## The input:
Content starts

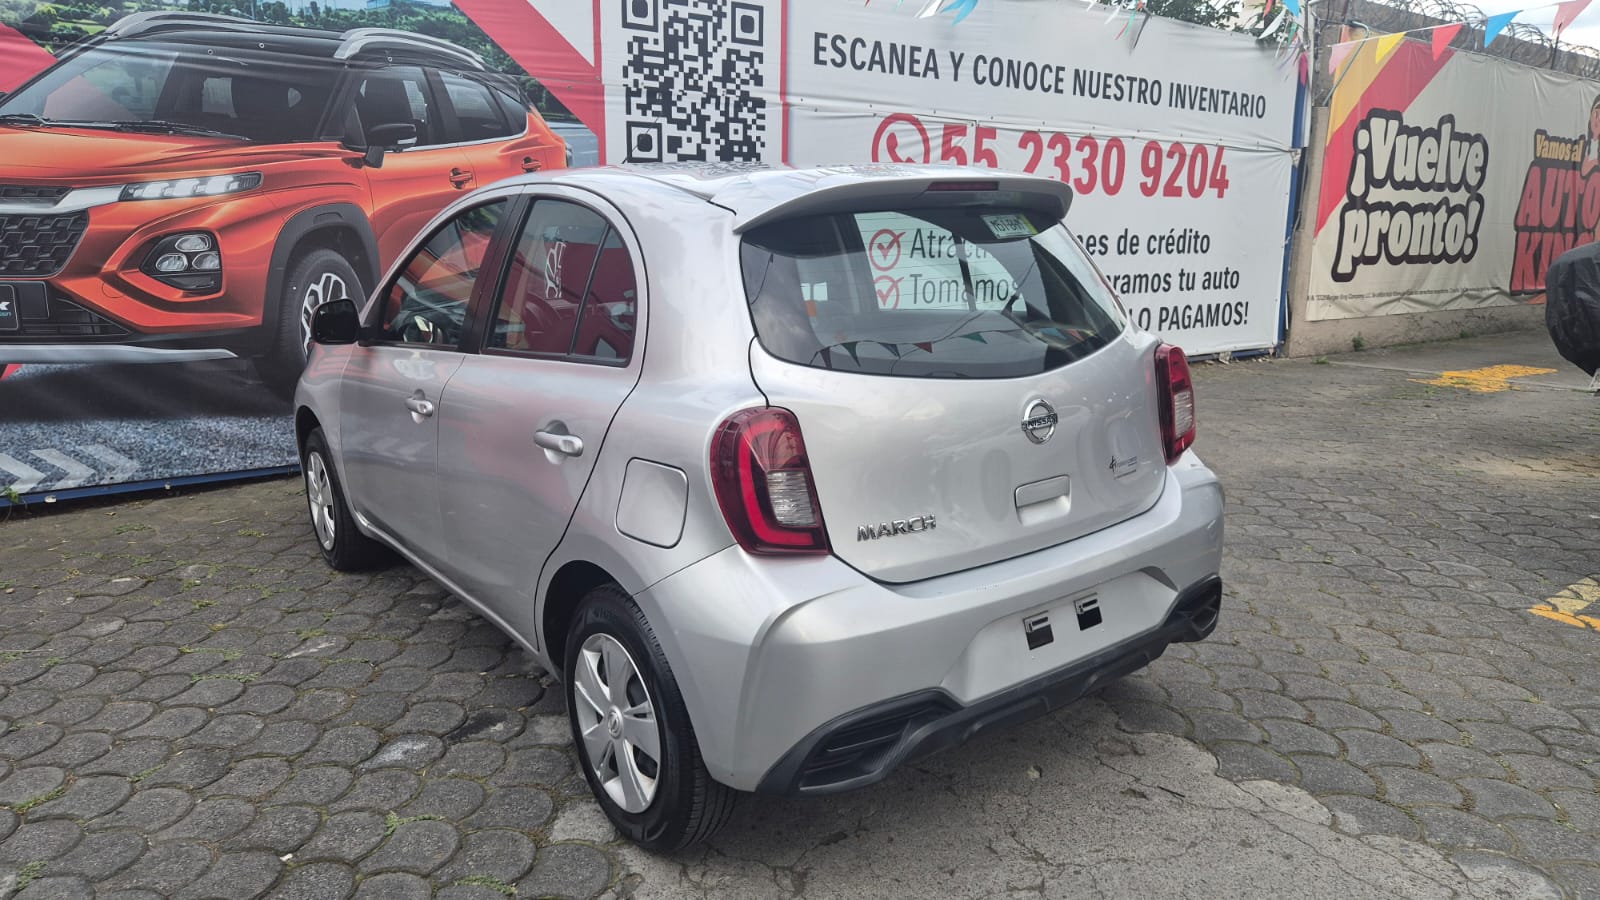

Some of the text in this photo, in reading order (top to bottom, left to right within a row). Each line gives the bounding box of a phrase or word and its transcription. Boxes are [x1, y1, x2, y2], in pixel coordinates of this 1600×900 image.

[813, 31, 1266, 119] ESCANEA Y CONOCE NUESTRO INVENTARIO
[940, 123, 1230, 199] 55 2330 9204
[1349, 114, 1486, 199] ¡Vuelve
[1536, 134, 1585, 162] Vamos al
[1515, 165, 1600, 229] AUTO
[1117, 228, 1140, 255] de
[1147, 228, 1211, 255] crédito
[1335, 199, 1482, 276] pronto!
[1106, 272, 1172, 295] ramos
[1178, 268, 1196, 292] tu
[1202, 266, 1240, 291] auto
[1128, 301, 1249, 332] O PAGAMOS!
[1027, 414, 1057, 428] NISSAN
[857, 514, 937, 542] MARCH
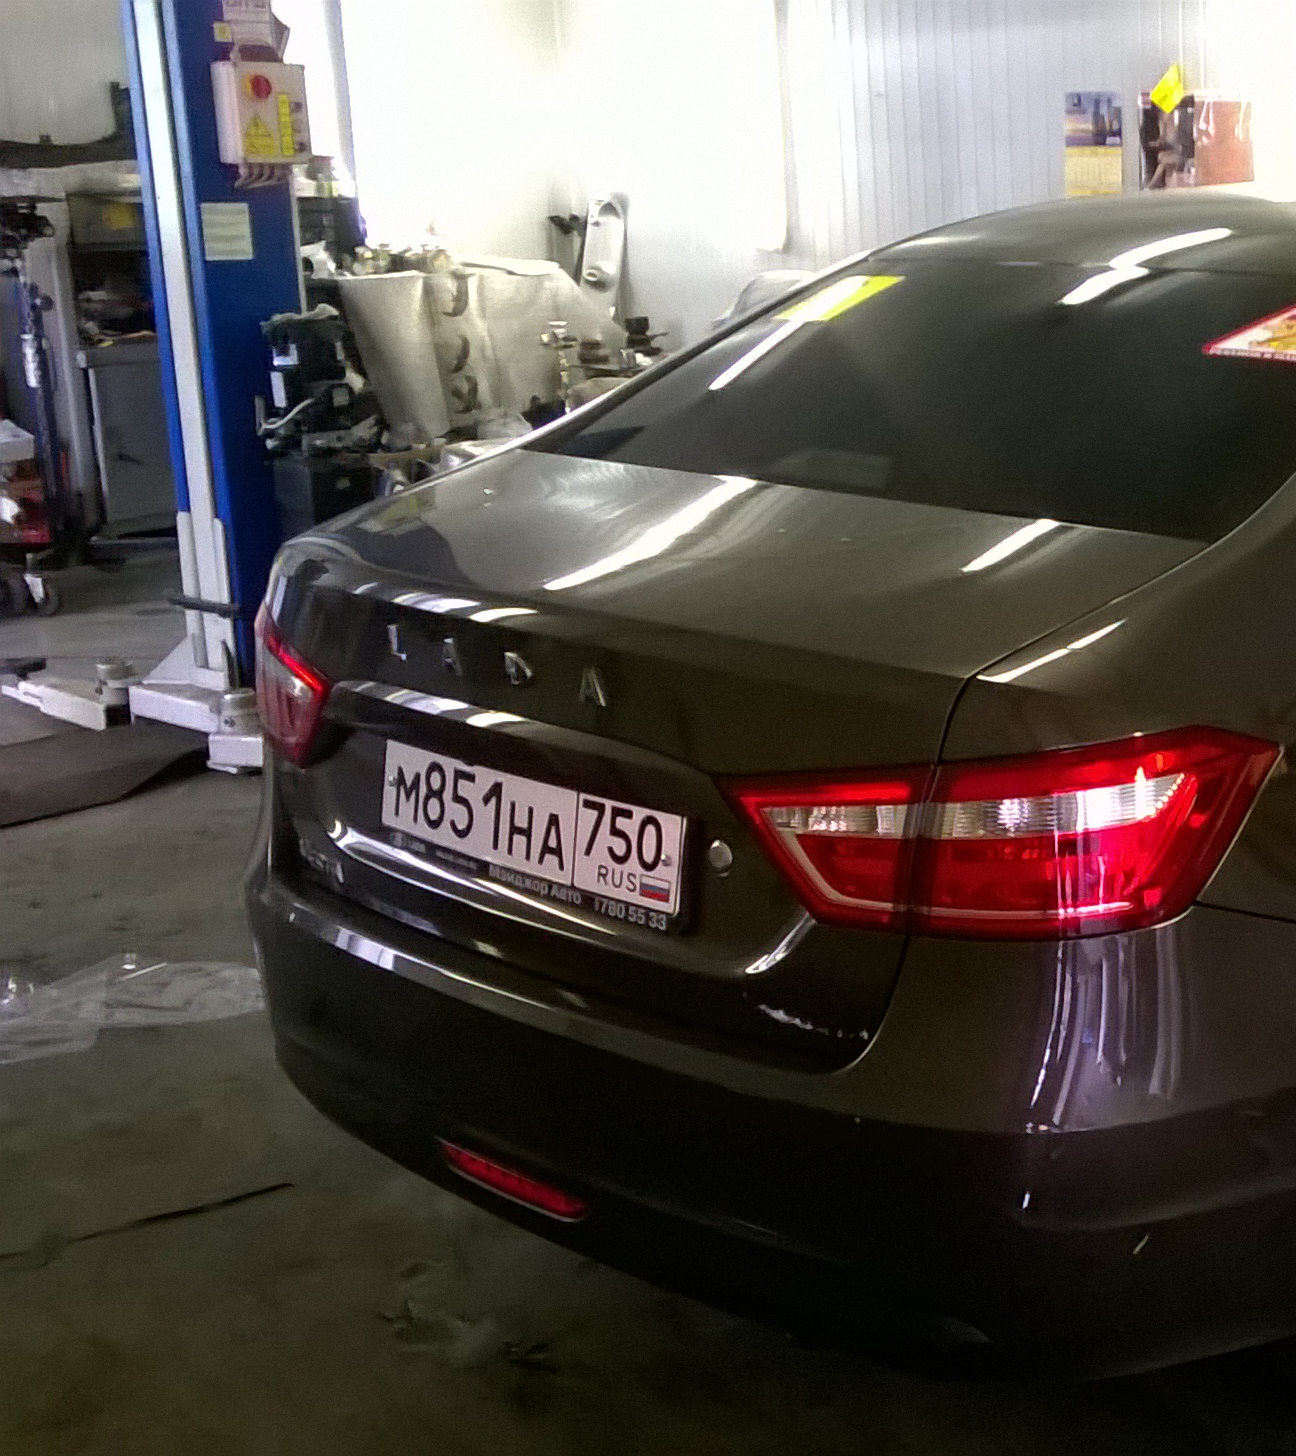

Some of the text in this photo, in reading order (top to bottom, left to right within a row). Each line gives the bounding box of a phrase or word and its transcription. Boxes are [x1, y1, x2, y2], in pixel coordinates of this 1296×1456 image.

Content ends
Content starts

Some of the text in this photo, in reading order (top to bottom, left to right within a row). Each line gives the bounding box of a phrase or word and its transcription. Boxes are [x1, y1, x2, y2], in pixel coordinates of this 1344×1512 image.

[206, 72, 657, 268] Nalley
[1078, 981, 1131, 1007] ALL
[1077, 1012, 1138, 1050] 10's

Content ends

## Task directions:
Please repeat the lines of the material above exactly, starting with the line that contains "this 1600×900 image." and ending with the line that contains "this 1296×1456 image.". Leave the pictures out.

## Output of the exercise:
Some of the text in this photo, in reading order (top to bottom, left to right within a row). Each line gives the bounding box of a phrase or word and its transcription. Boxes are [x1, y1, x2, y2], in pixel coordinates of this 1600×900 image.

[813, 31, 1266, 119] ESCANEA Y CONOCE NUESTRO INVENTARIO
[940, 123, 1230, 199] 55 2330 9204
[1349, 114, 1486, 199] ¡Vuelve
[1536, 134, 1585, 162] Vamos al
[1515, 165, 1600, 229] AUTO
[1117, 228, 1140, 255] de
[1147, 228, 1211, 255] crédito
[1335, 199, 1482, 276] pronto!
[1106, 272, 1172, 295] ramos
[1178, 268, 1196, 292] tu
[1202, 266, 1240, 291] auto
[1128, 301, 1249, 332] O PAGAMOS!
[1027, 414, 1057, 428] NISSAN
[857, 514, 937, 542] MARCH

Some of the text in this photo, in reading order (top to bottom, left to right within a row). Each line gives the bounding box of a phrase or word and its transcription. Boxes are [x1, y1, x2, y2], in pixel coordinates of this 1296×1456 image.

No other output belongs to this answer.